About this task: Each entry is to be retyped exactly as it appears. Leave the images out.

[Dataset entries]
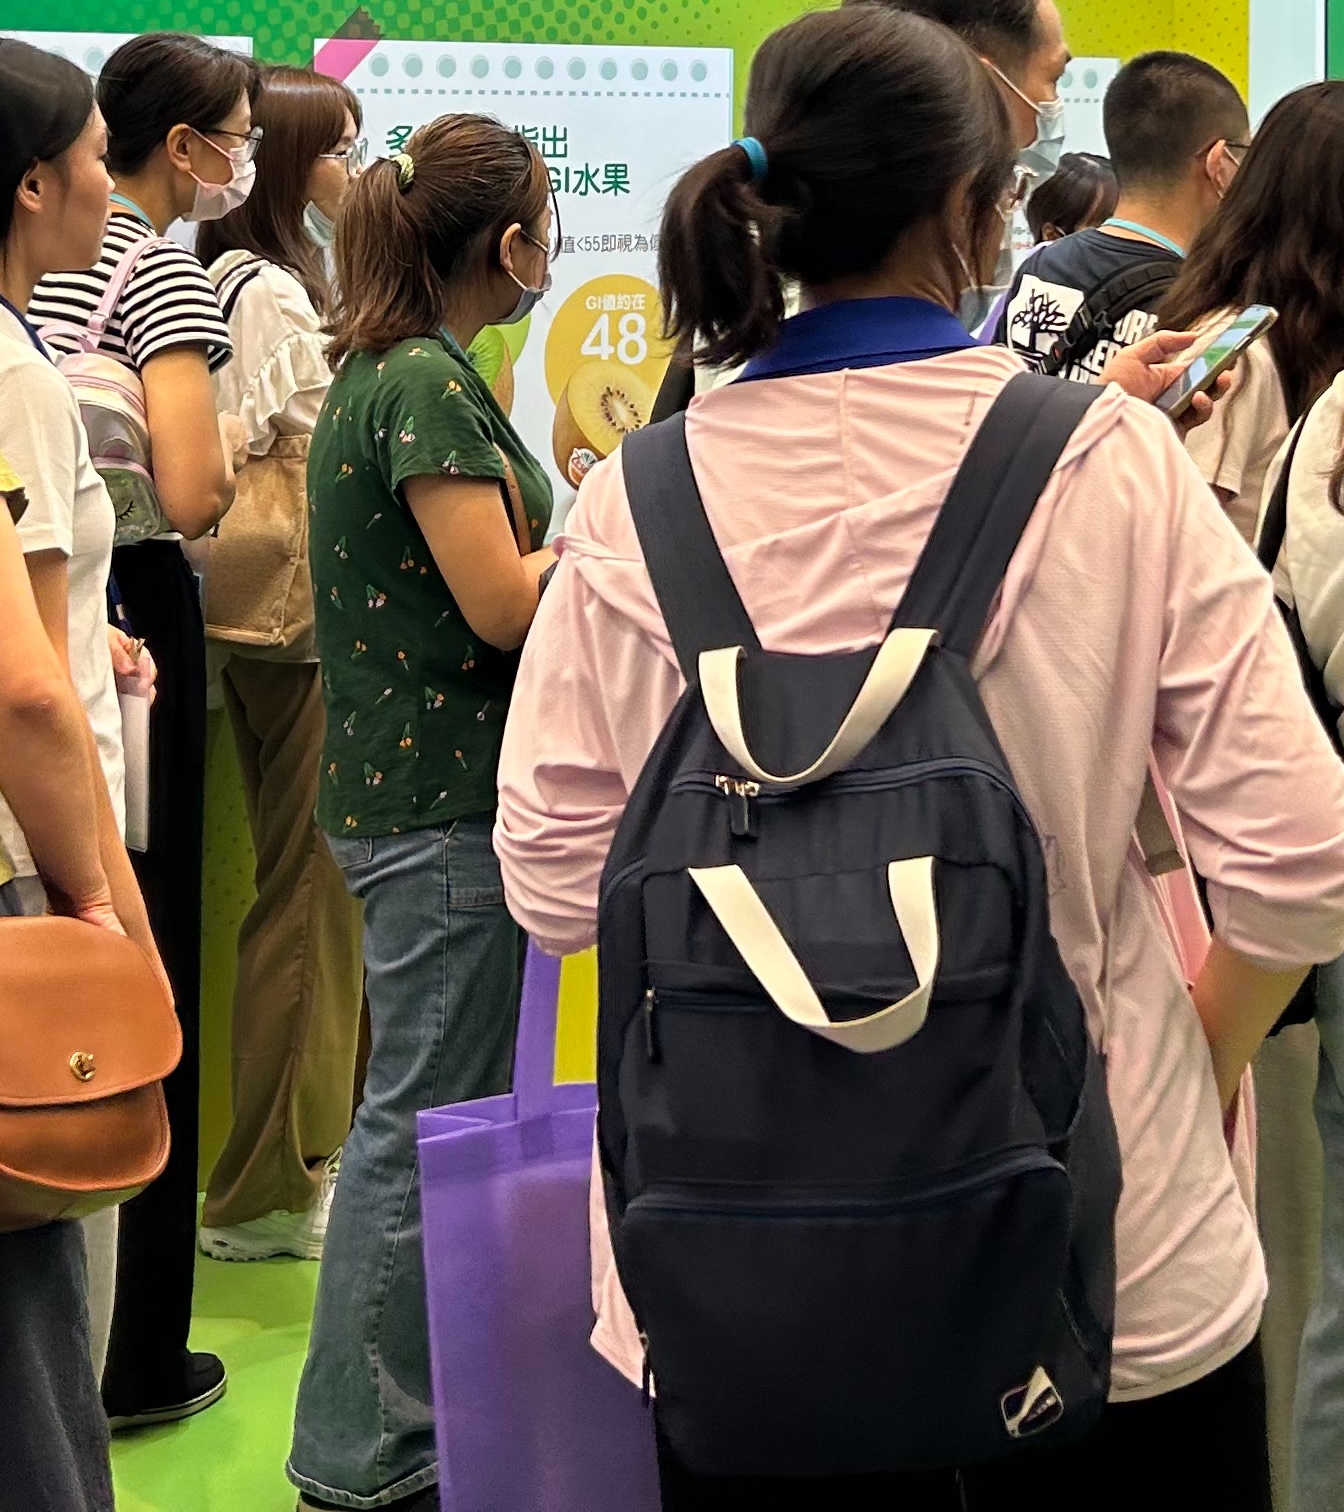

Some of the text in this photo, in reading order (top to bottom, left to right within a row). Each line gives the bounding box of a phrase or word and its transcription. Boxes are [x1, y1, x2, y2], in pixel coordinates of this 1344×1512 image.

[585, 293, 646, 311] GI值約在
[580, 312, 648, 365] 48
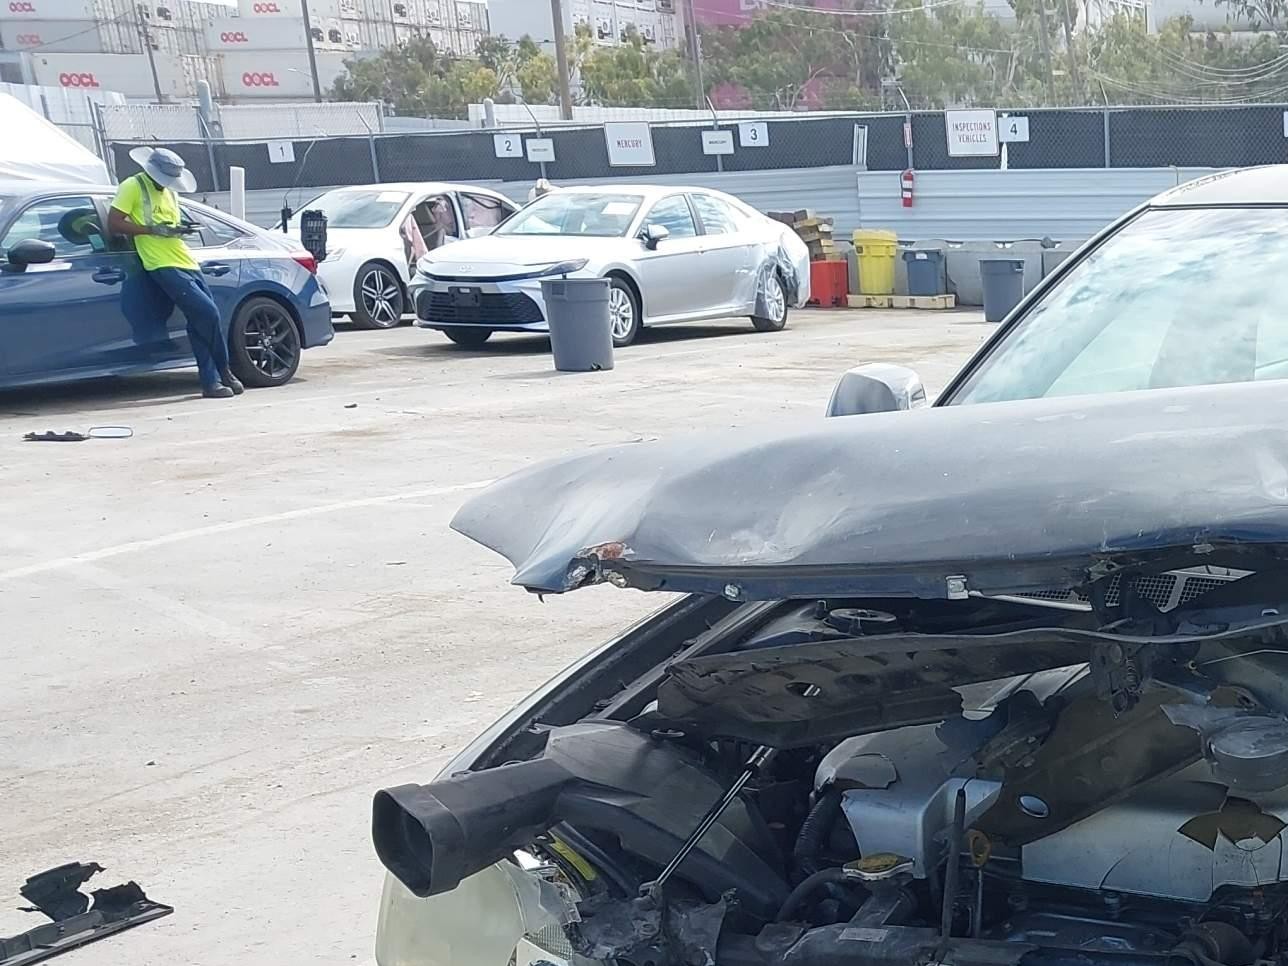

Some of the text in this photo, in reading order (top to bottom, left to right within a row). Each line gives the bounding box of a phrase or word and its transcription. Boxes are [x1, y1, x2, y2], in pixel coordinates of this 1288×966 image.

[9, 2, 35, 12] OOCL
[253, 3, 280, 13] OOCL
[220, 32, 248, 43] OOCL
[59, 73, 99, 87] OOCL
[242, 72, 279, 87] OOCL
[952, 121, 992, 131] INSPECTIONS
[1009, 123, 1018, 135] 4
[750, 128, 758, 141] 3
[958, 134, 987, 143] VEHICLES
[504, 140, 513, 152] 2
[616, 139, 643, 148] MERCURY
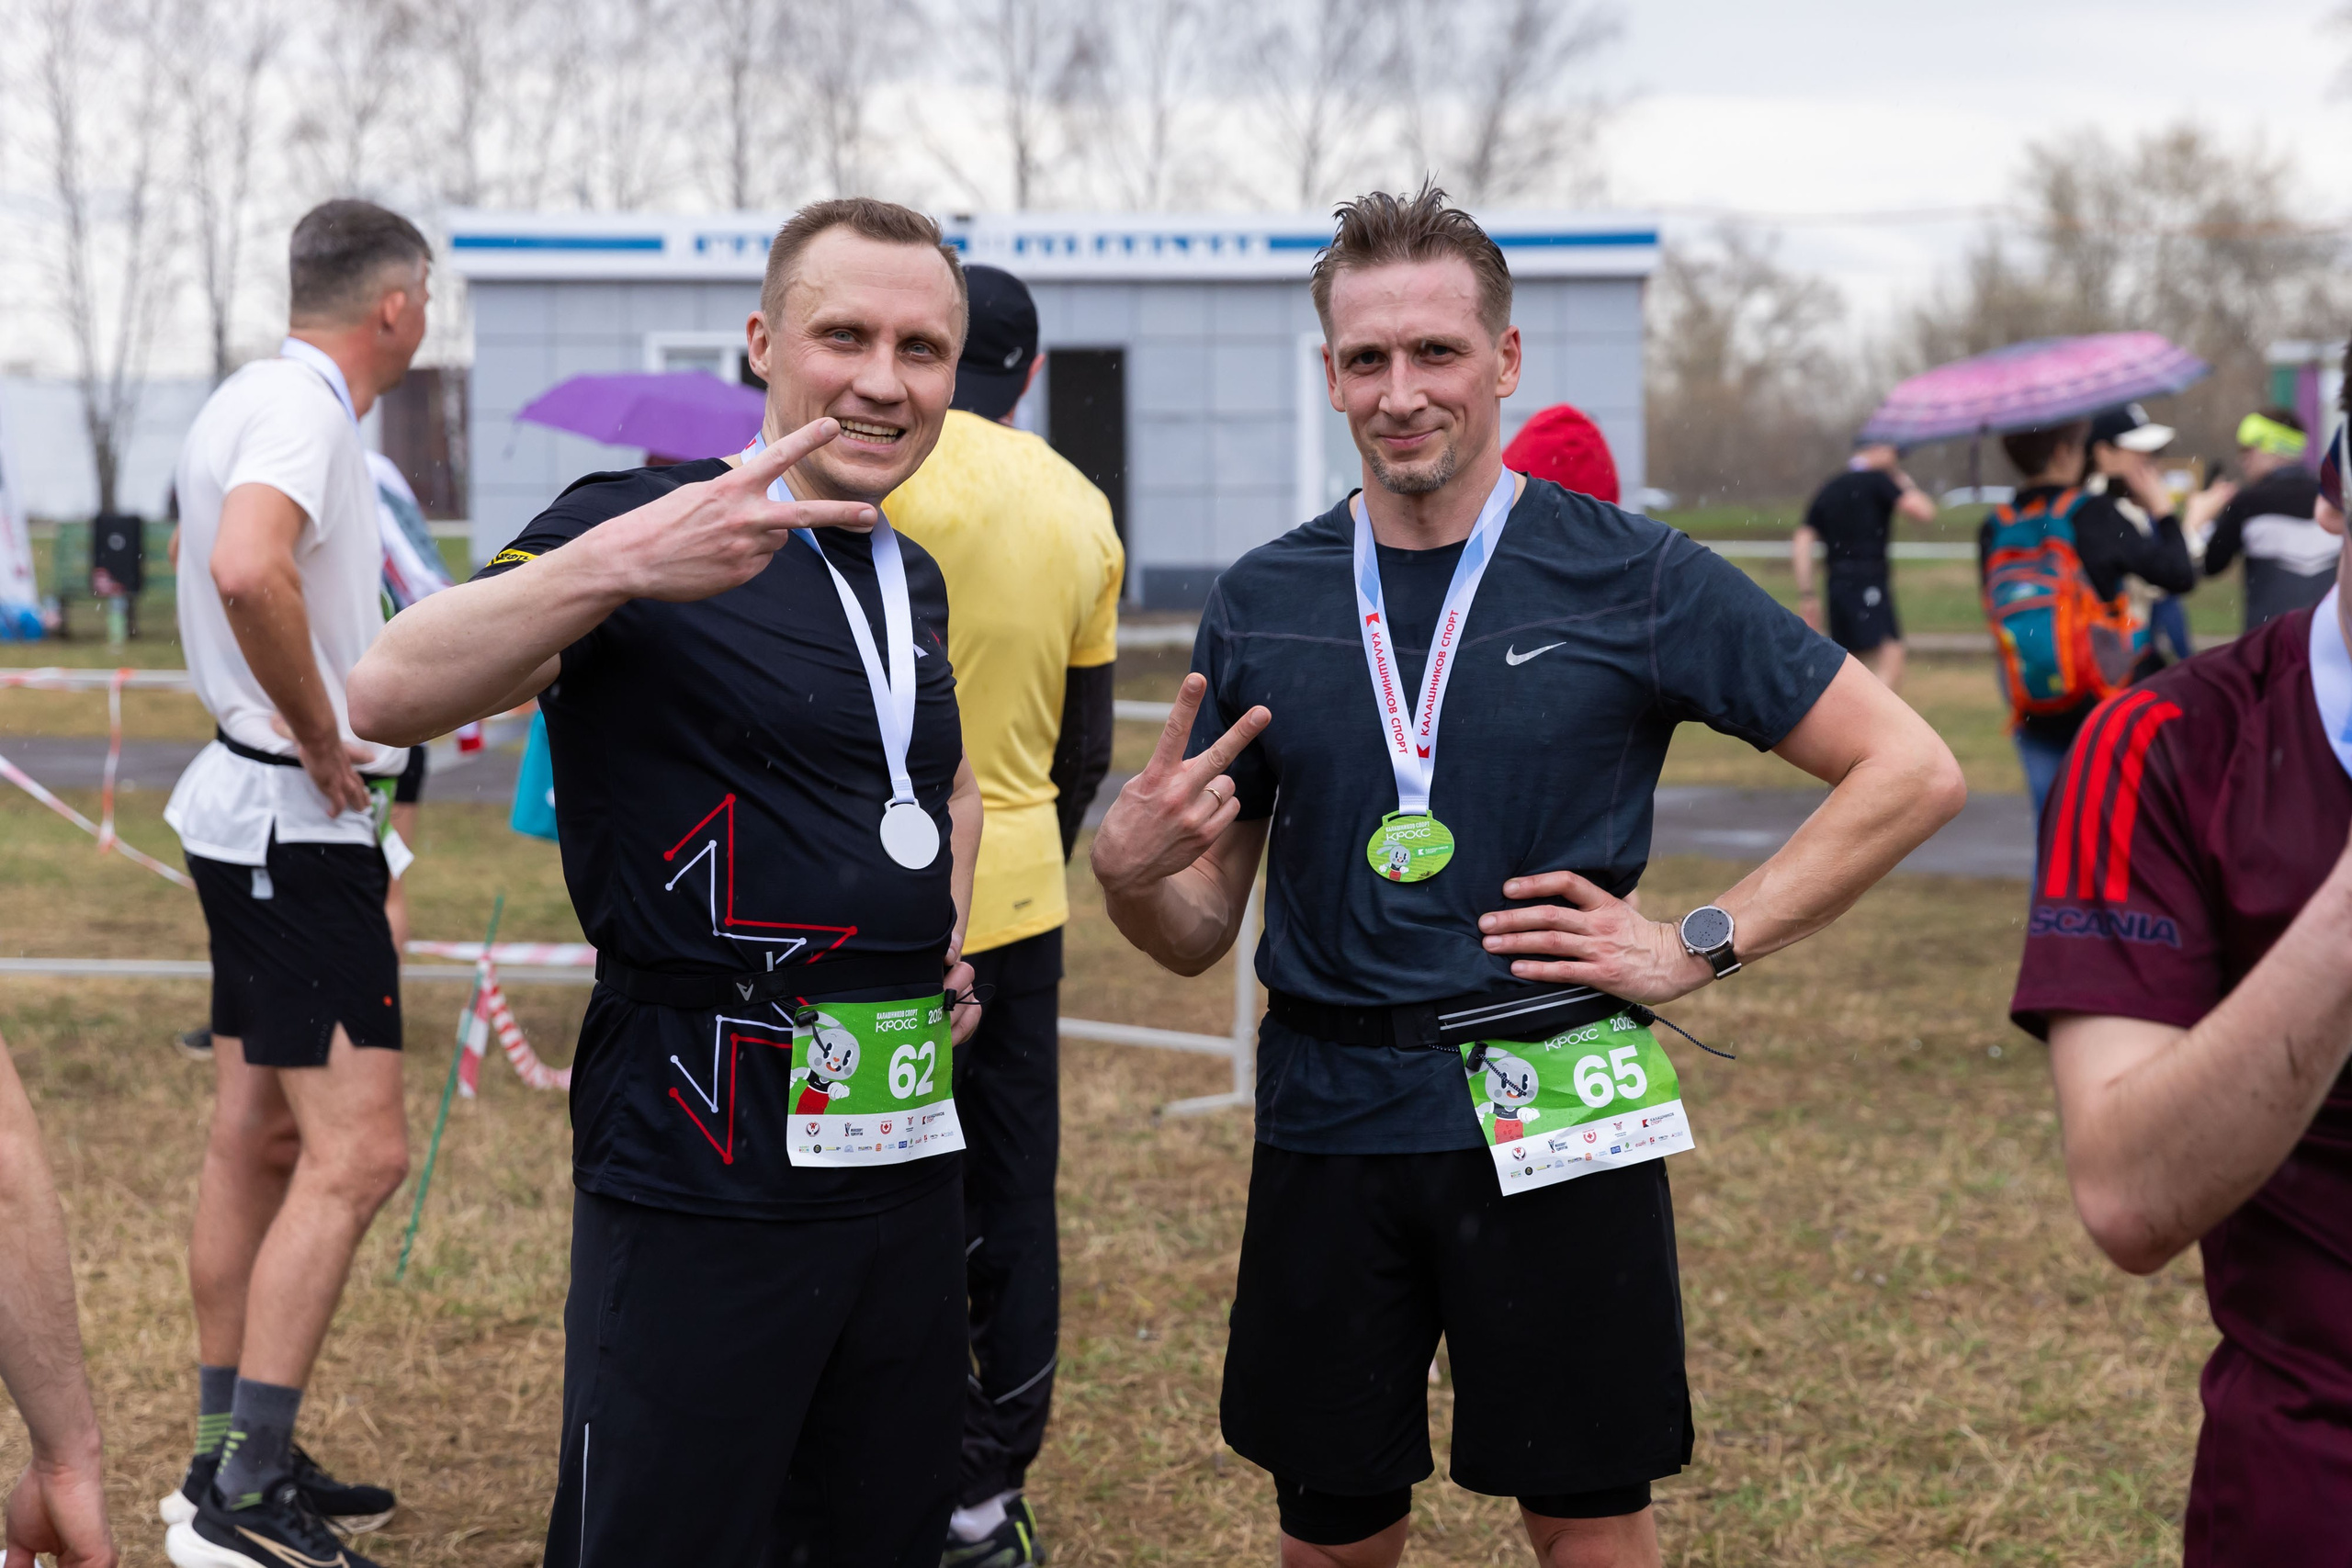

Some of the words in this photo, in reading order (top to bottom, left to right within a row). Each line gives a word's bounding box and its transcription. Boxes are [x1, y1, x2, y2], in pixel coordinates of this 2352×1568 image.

[1372, 632, 1397, 714] КАЛАШНИКОВ
[1391, 717, 1408, 754] СПОРТ
[1420, 650, 1447, 736] КАЛАШНИКОВ
[1442, 610, 1459, 648] СПОРТ
[1385, 828, 1431, 840] КРОСС
[2030, 906, 2182, 949] SCANIA
[876, 1018, 918, 1032] КРОСС
[1544, 1028, 1599, 1051] КРОСС
[1610, 1016, 1637, 1032] 2025
[888, 1041, 935, 1100] 62
[1573, 1044, 1647, 1109] 65

Task output:
Some of the text in this photo, in reading order (top to bottom, left to right within a row). Each line gives the bounding box of a phrase or word and its transcription. Boxes are [x1, y1, x2, y2], in pixel coordinates of this 1344×1512 image.

[585, 293, 646, 311] GI值約在
[580, 312, 648, 365] 48

Some of the text in this photo, in reading order (top to bottom, left to right within a row). Each line gives the bounding box of a phrase or word and its transcription. Boxes are [x1, y1, x2, y2], in pixel coordinates of this 1288×966 image.

[9, 2, 35, 12] OOCL
[253, 3, 280, 13] OOCL
[220, 32, 248, 43] OOCL
[59, 73, 99, 87] OOCL
[242, 72, 279, 87] OOCL
[952, 121, 992, 131] INSPECTIONS
[1009, 123, 1018, 135] 4
[750, 128, 758, 141] 3
[958, 134, 987, 143] VEHICLES
[504, 140, 513, 152] 2
[616, 139, 643, 148] MERCURY

Some of the words in this photo, in reading order (top to bottom, left to right within a row). Each line gives a word's bounding box and its transcription. Boxes are [x1, y1, x2, y2], in pixel coordinates of this 2352×1568 image.

[1372, 632, 1397, 714] КАЛАШНИКОВ
[1391, 717, 1408, 754] СПОРТ
[1420, 650, 1447, 736] КАЛАШНИКОВ
[1442, 610, 1459, 648] СПОРТ
[1385, 828, 1431, 840] КРОСС
[2030, 906, 2182, 949] SCANIA
[876, 1018, 918, 1032] КРОСС
[1544, 1028, 1599, 1051] КРОСС
[1610, 1016, 1637, 1032] 2025
[888, 1041, 935, 1100] 62
[1573, 1044, 1647, 1109] 65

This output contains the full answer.